Bankrupting ourselves . . . for "safety!"

Oregon State PenitentiarySalem's biggest boom industry. Image by Katherine H via Flickr

Sad evidence that Oregon hasn't managed to quite recognize that no state or nation has ever imprisoned its way to prosperity. The really insidious thing about our incarceration binge -- we're still the world leader in something! -- is that it's such an effective positive feedback system: the more people we send to prison for long sentences, the more people in the next generation we'll be dealing with through the criminal justice system.

We're unique among nations in having a trifecta of penal senselessness: We have not only extraordinarily long sentences for an extraordinary wide range of crimes (sentences that typically obliterate family ties and destroy childrens' prospects), we have a huge political class of hypocrites who have an extraordinary level of commitment to a senseless and futile drug war (treating addictions through prisons rather than through the medical model); lastly, we've also got a criminal justice system built on a vengeance/retribution model that ensures that, with almost 100% success, the people ground through the system are eventually returned to society with no skills, no hope, no supports, and no prospects for making a living through anything but crime.

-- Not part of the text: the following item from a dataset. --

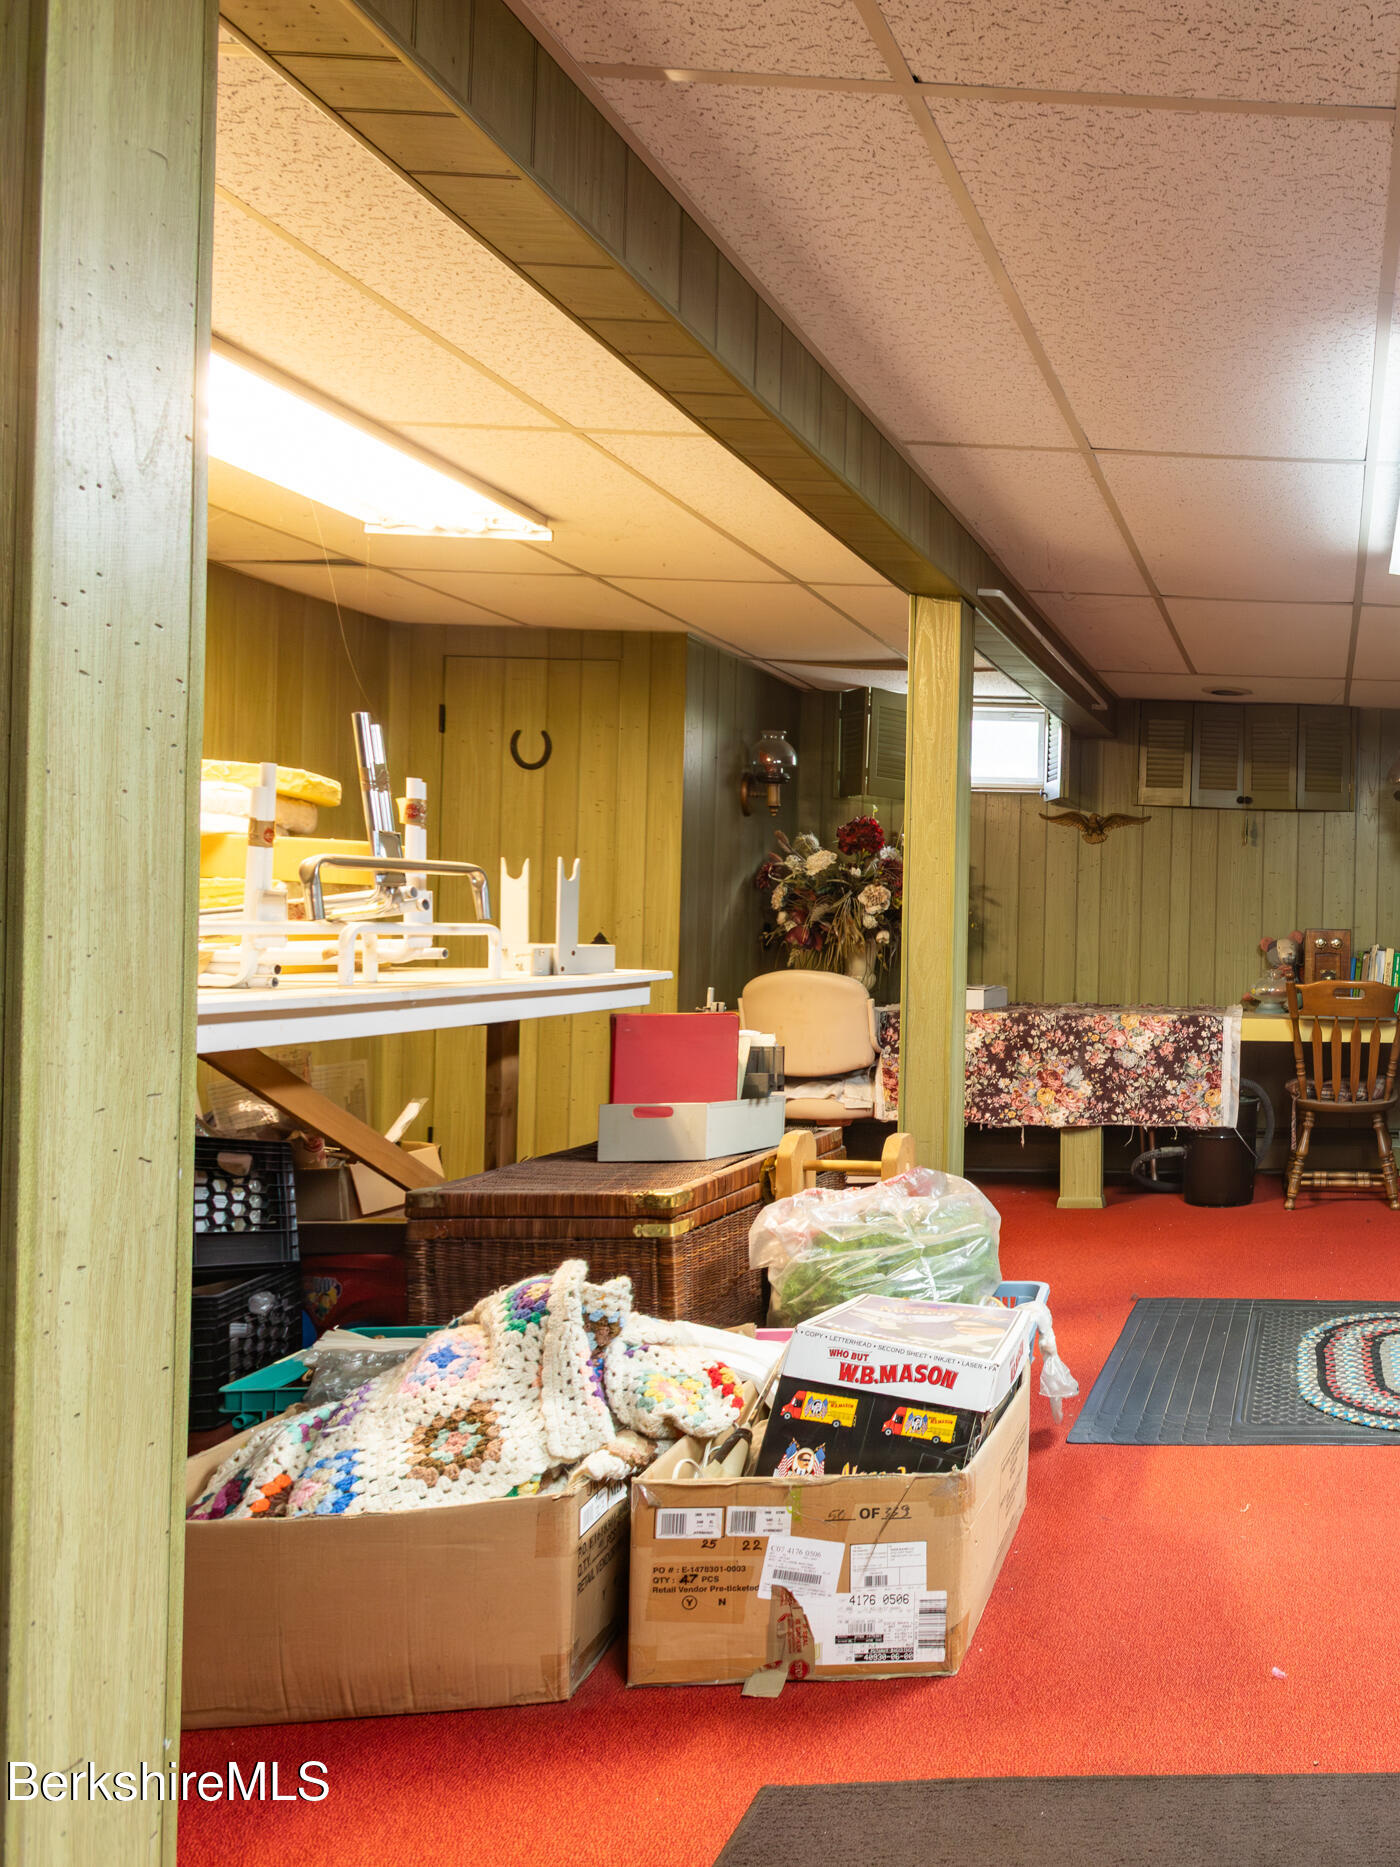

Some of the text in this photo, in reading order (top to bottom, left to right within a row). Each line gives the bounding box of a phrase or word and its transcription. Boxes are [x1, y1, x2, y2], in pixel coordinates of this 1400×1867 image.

It's really a perfect storm of counterproductive policies because, when you look at the incentives available for the various players (cops, prosecutors, legislators, prison staffers, voters), they all tend to perpetuate the status quo, even though the end result is to move us further and further into bankruptcy while we build and fill prisons, the only really vibrant industrial sector we have right now. Prisons are "anti-factories," giant facilities engaged in the round-the-clock task of destroying human potential and ensuring a steady customer base for themselves for decades to come.

The prison mania is one of the dead weights that's causing our economy to fail; even the richest countries eventually find that there's a limit to how much wealth you can sink into anti-factories before the wealth runs out.